Most sliding windows cover the entire wall to let in the optimal sunlight. Therefore, you’re likeliest to see these windows in parts of the home such as large bedrooms or dining rooms.

Sliding windows can open and close as much as you want, which allows you to control the amount of airflow with expert-level precision. If you only want a slight breeze, leave the window somewhat ajar. You can also open it fully to experience the warmth and sunlight of the day. 

Pros

  • Rolling windows are another type of hurricane window that’s charming and attractive—your home’s curb appeal will surely go up.
  • A set of sliding windows might allow in more sunlight than even a bay window depending on the size and placement of the sliding window.  
  • The design simplicity and ease of use of sliding windows are two excellent traits. 

Cons

  • Since these windows are so encompassing (often floor to ceiling), you will need sizable window coverings for privacy.
  • Without curtains, sliding windows can let in too much sunlight.
  • As the windows age or wear down, they can get stuck on their track, which is inconvenient. 

Picture or Fixed Hurricane Windows

Picture windows are another type of impact window to consider. These windows are also known as fixed windows since they don’t open.

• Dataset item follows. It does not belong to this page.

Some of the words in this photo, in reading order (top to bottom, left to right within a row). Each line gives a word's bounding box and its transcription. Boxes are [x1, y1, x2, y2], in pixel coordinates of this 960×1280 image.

They’re simply stationary. 

A picture window is built from solid glass sheets that comprise a single pane. 

You can select from various sizes and designs for your picture windows, such as small windows in a living room or bathroom, to floor-to-ceiling styles akin to a rolling window. 

A south-facing window in a net-zero house..

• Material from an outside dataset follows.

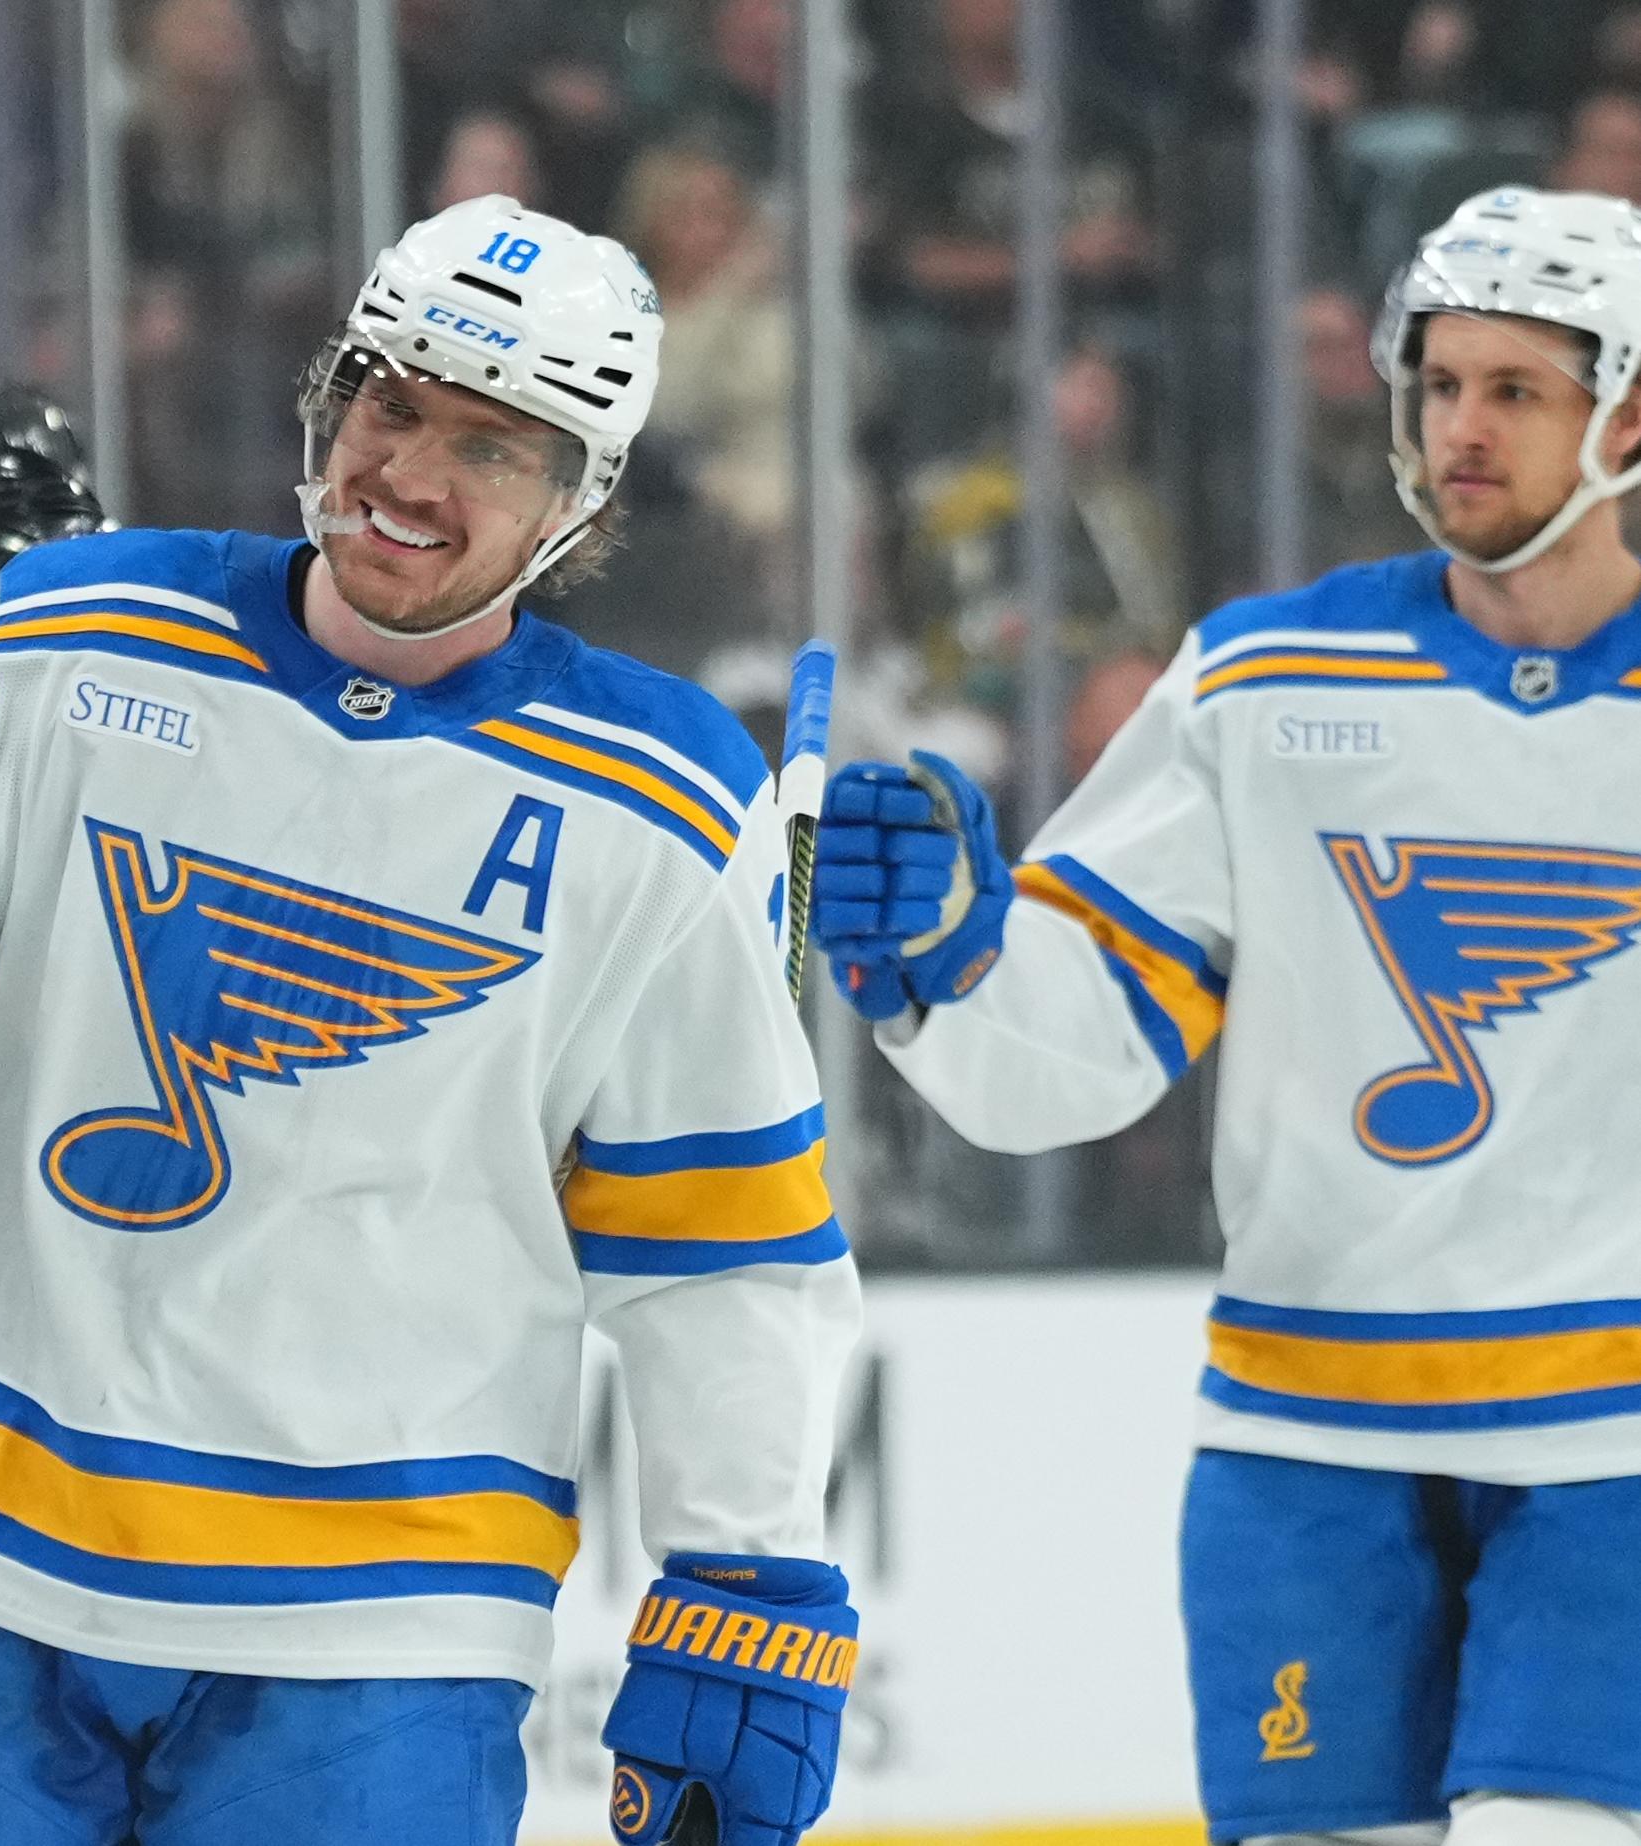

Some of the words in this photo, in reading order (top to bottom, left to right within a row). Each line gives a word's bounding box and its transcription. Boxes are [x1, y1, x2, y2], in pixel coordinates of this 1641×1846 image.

By installing several fixed hurricane windows in one room, you can make it look much more open through this change alone. Picture windows are usually quite energy-efficient as well. 

Pros

  • Fixed windows are beautiful, allowing sunlight to enter and making any room look larger and more open. 
  • You can customize the style of your picture window to suit any room in the house. 
  • The sizable pieces of impact glass that comprise a picture window make them ultra-durable. 

Cons

  • That same durable construction is usually quite expensive unless you get a smaller set of picture windows. 
  • You can’t open the windows, so you don’t get the benefits of airflow. 
  • When a picture unit experiences wear and tear, rather than repairing it, the only suitable option is usually a replacement. 

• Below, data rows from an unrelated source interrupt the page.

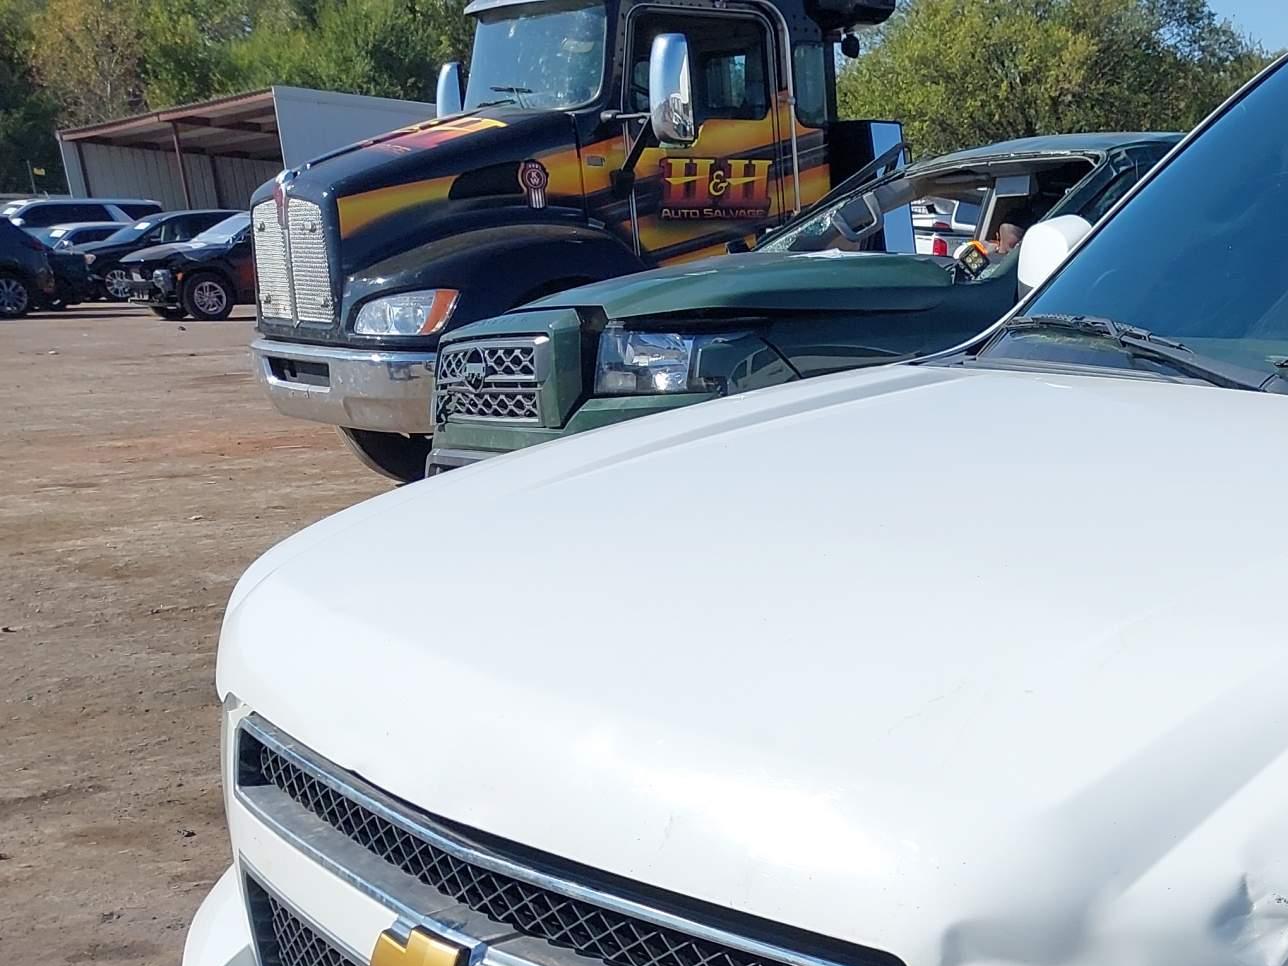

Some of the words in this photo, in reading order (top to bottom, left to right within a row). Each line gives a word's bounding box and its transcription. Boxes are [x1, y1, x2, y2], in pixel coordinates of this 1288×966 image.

[665, 157, 774, 207] H&H
[661, 208, 700, 219] AUTO
[703, 208, 767, 219] SALVAGE
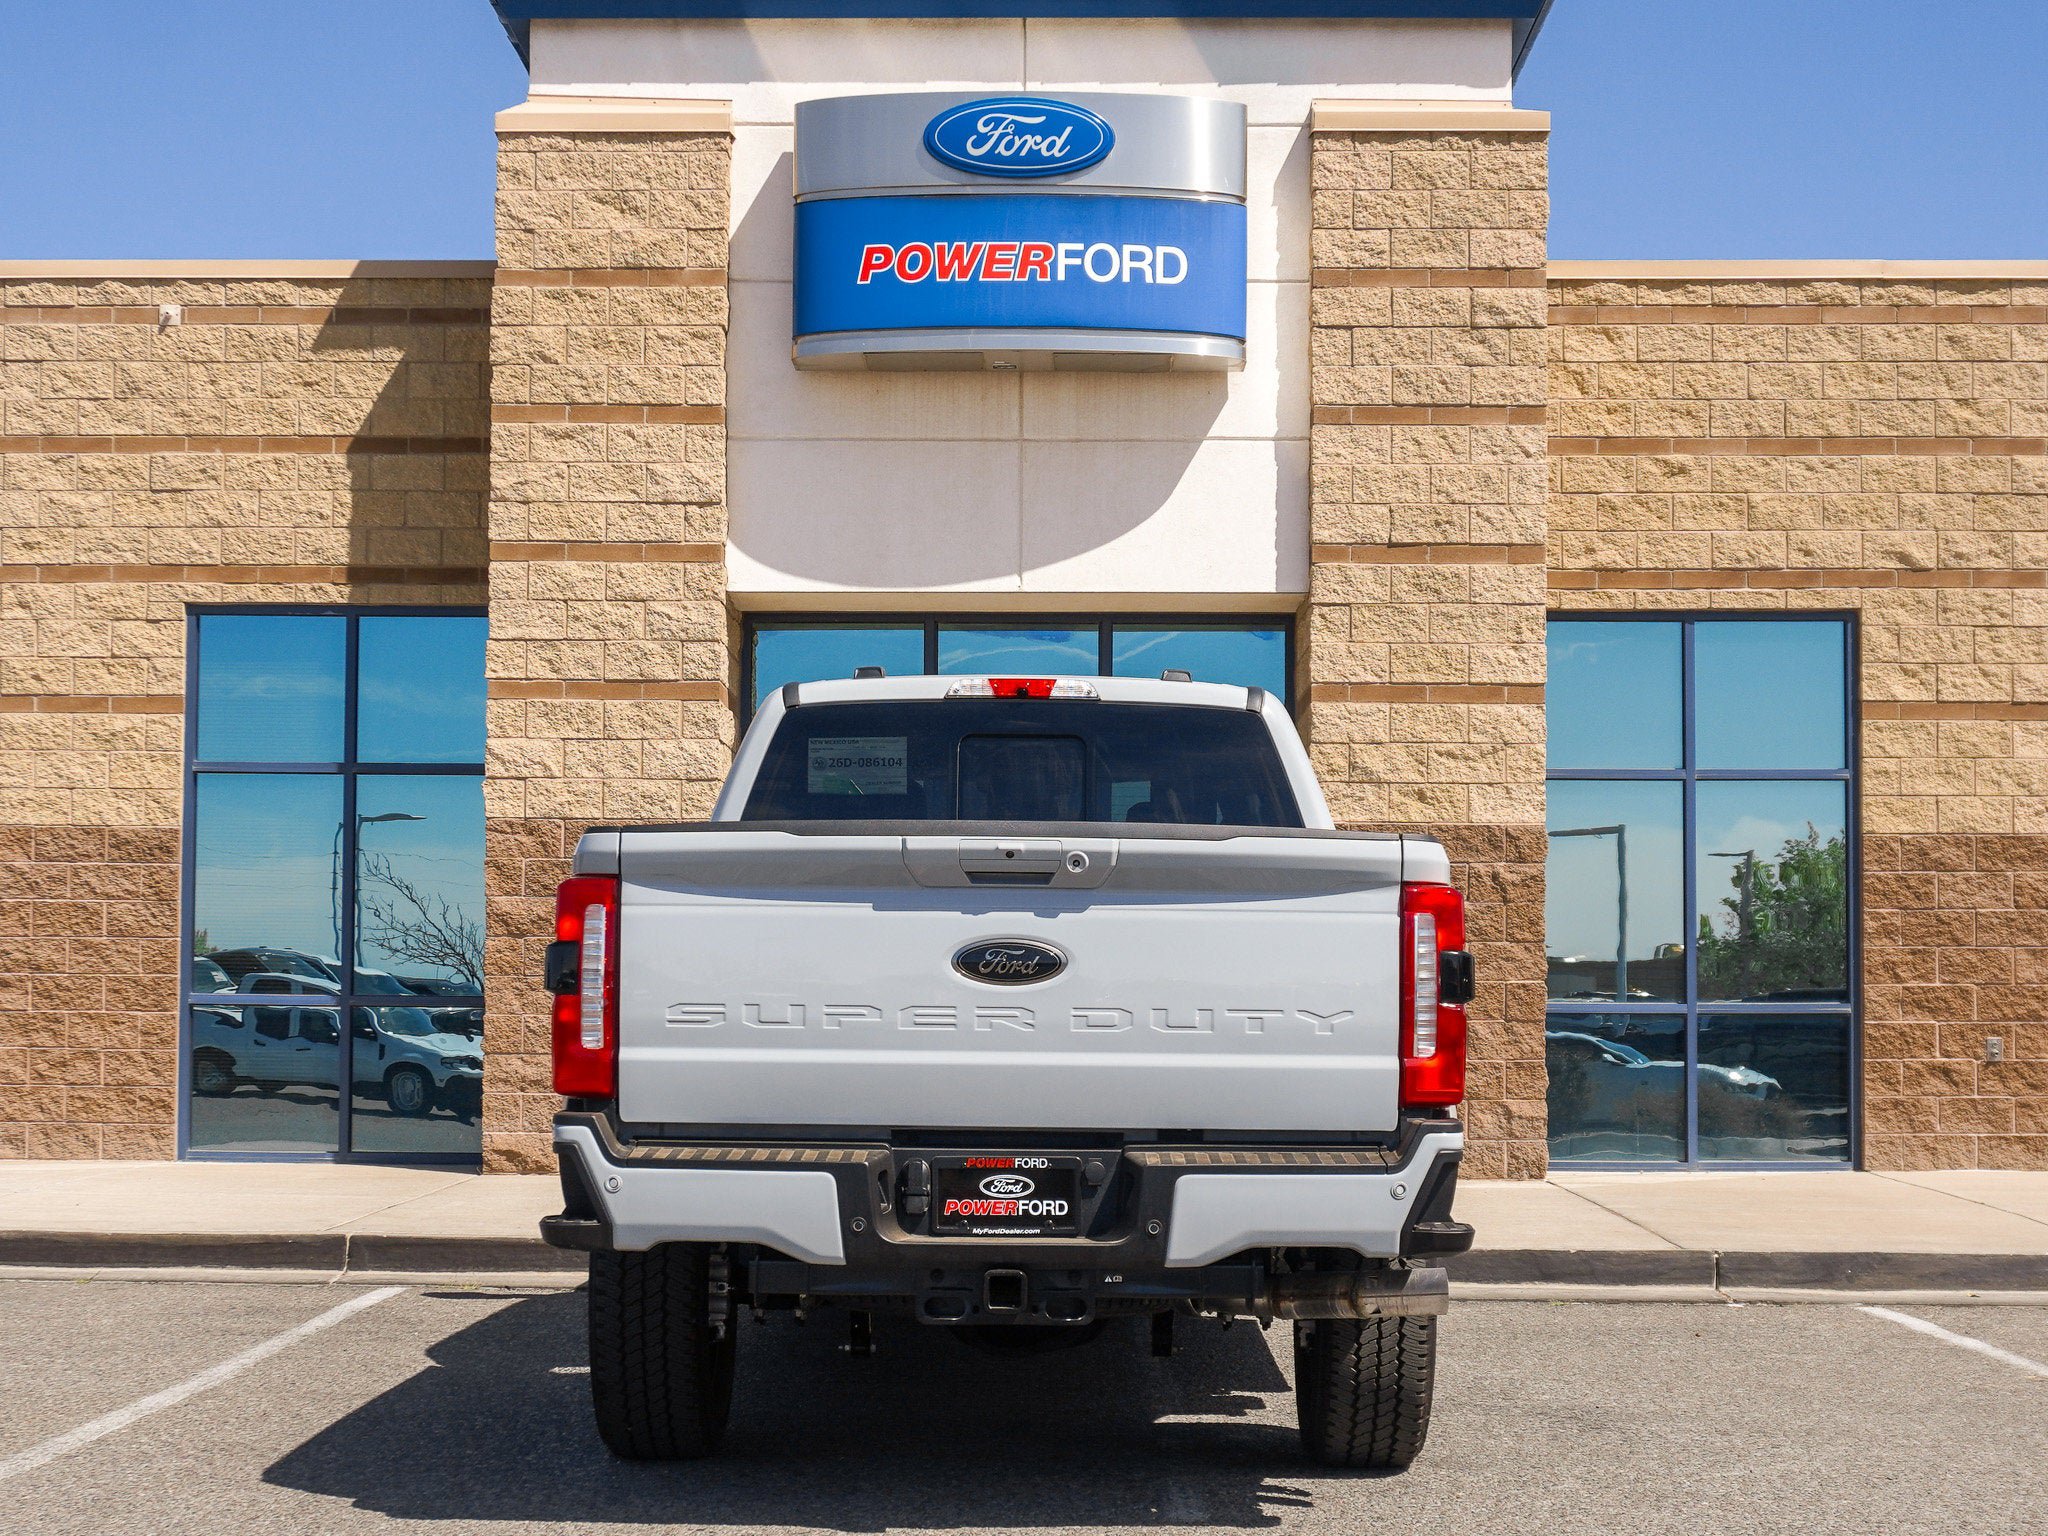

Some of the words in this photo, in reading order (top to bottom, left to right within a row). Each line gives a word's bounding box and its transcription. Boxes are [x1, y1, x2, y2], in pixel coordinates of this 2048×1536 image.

[966, 112, 1073, 158] Ford
[857, 242, 1188, 285] POWERFORD
[828, 757, 903, 768] 26D-086104
[979, 948, 1040, 975] Ford
[666, 1003, 1035, 1032] SUPER
[1070, 1008, 1353, 1035] DUTY
[966, 1157, 1048, 1169] POWERFORD
[990, 1178, 1023, 1193] Ford
[944, 1199, 1069, 1216] POWERFORD

Casement Hurricane Windows

That brings us to the last type of hurricane window, the casement window. Casement windows features a frame connected to at least one hinge but usually a series. 

a window being cracked open showing a person's hand on the handle

Some open outward, but most will open inward via a crank that you rotate to open the windows as much as you wish. Depending on your preferences, casement windows can come in singles or pairs, and dual windows can occupy the same frame.

Outside hinges keep the entire window setup stable; there’s no need for the center brace bar that some other windows require to enjoy an unobstructed view into the beauty of nature right outside your window. 

The energy efficiency of casement windows is also certainly worth considering. These impact windows feature fortified seals each time a breeze hits the panel from the outside. 

Pros

  • The energy efficiency of casement windows will surely interest you, as you could enjoy energy bill savings over the long term.
  • Casement windows provide excellent airflow as they open inward or outward to let in the day’s breeze.
  • The window locks when not in use, which is an excellent safety feature. 
  • The architectural design of casement windows is very striking. 

Cons

  • Casement windows have many moving parts, from the head jamb to the keeper, the sash, the side jamb, and more. That means there’s more than can go wrong with the hurricane windows.
  • Casement windows are incredibly costly, likely due to the moving parts mentioned.
  • You might not be able to add screens to a casement window. 

Conclusion 

Hurricane or impact windows come in various styles that suit any budget and taste.

So whether you want your new hurricane windows to match the old windows in your home or you’re ready to try something completely different, there’s an accompanying window style for you.

Hopefully, this post has made it easier for you to pinpoint which is ideal for your situation!